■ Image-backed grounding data
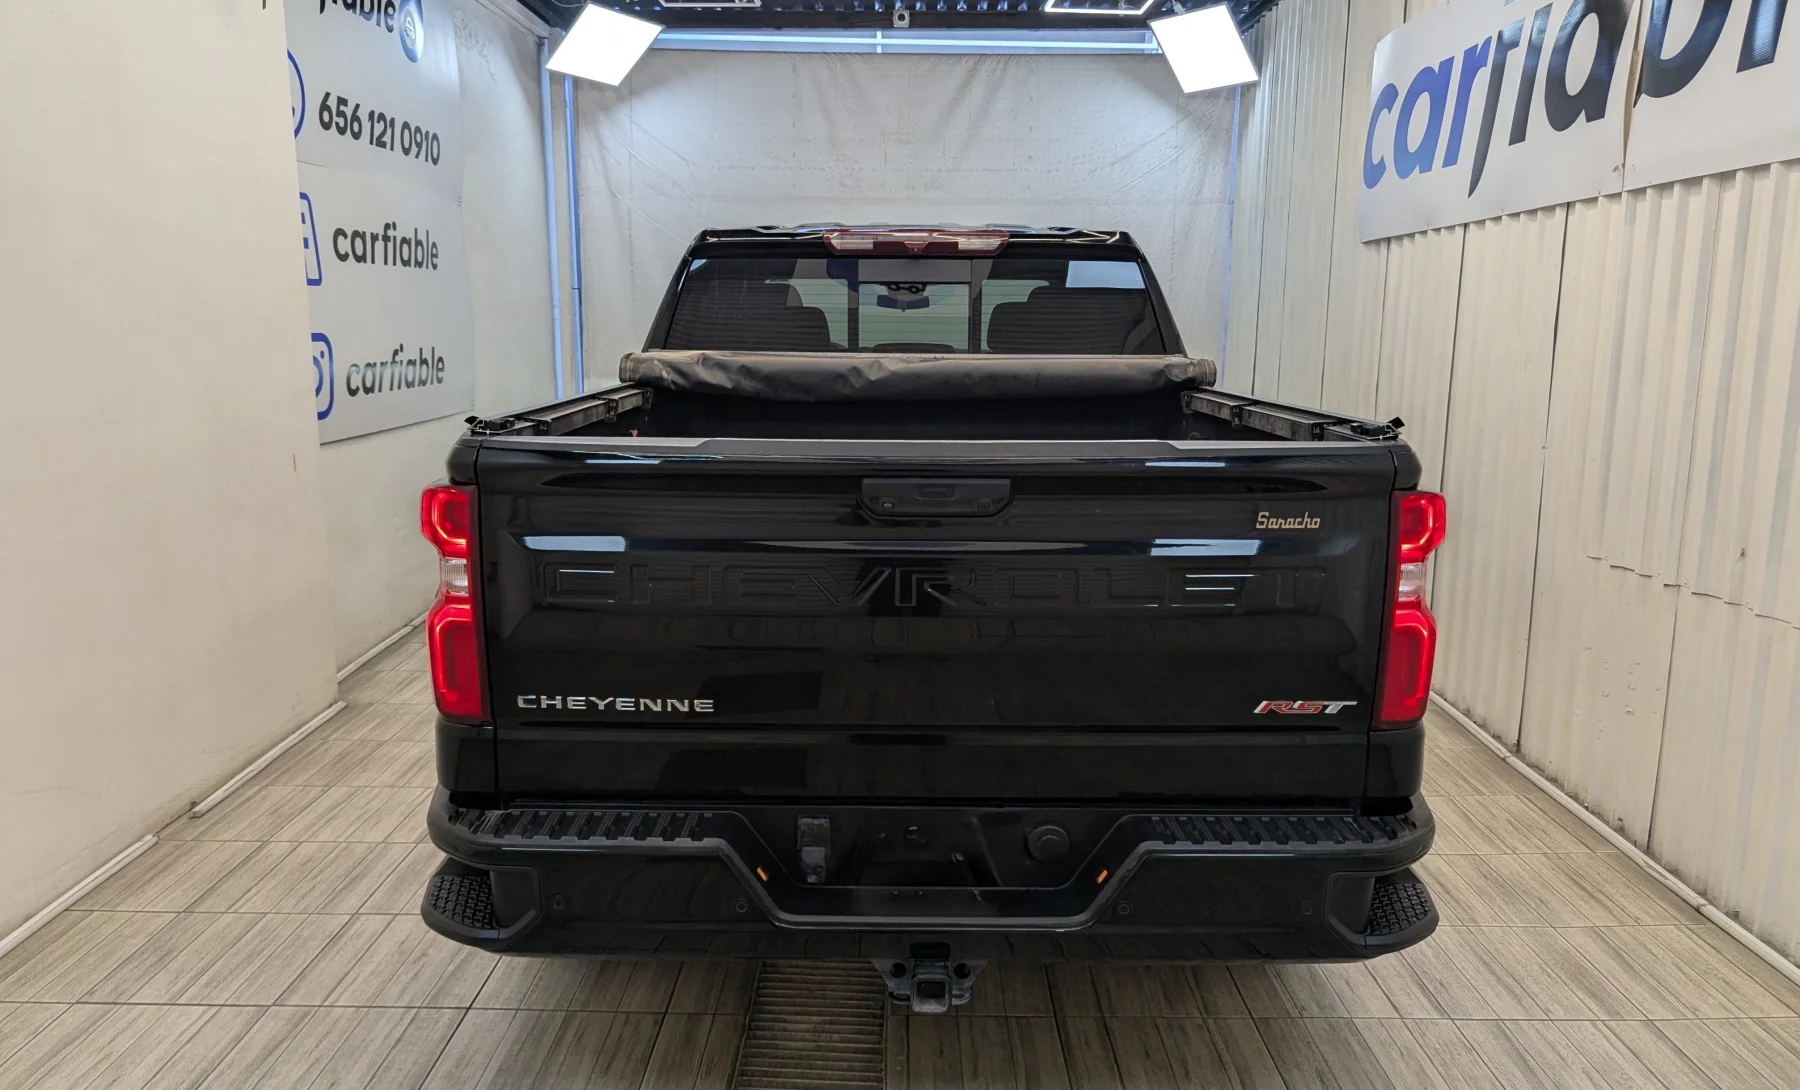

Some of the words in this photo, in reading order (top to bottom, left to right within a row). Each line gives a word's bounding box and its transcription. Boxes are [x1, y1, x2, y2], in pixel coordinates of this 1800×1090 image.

[318, 91, 363, 141] 656
[368, 109, 396, 152] 121
[400, 121, 441, 166] 0910
[332, 221, 439, 271] carfiable
[346, 343, 445, 397] carfiable
[543, 564, 1326, 607] CHEVROLET
[516, 694, 715, 713] CHEYENNE
[1253, 700, 1358, 715] RST

■ ABOUT THIS EXERCISE
All entries above are to be set down word for word, and the pictures are to be left out.

■ ANSWER SECTION
Some of the words in this photo, in reading order (top to bottom, left to right within a row). Each line gives a word's bounding box and its transcription. Boxes are [x1, y1, x2, y2], in pixel coordinates of this 1800×1090 image.

[318, 91, 363, 141] 656
[368, 109, 396, 152] 121
[400, 121, 441, 166] 0910
[332, 221, 439, 271] carfiable
[346, 343, 445, 397] carfiable
[543, 564, 1326, 607] CHEVROLET
[516, 694, 715, 713] CHEYENNE
[1253, 700, 1358, 715] RST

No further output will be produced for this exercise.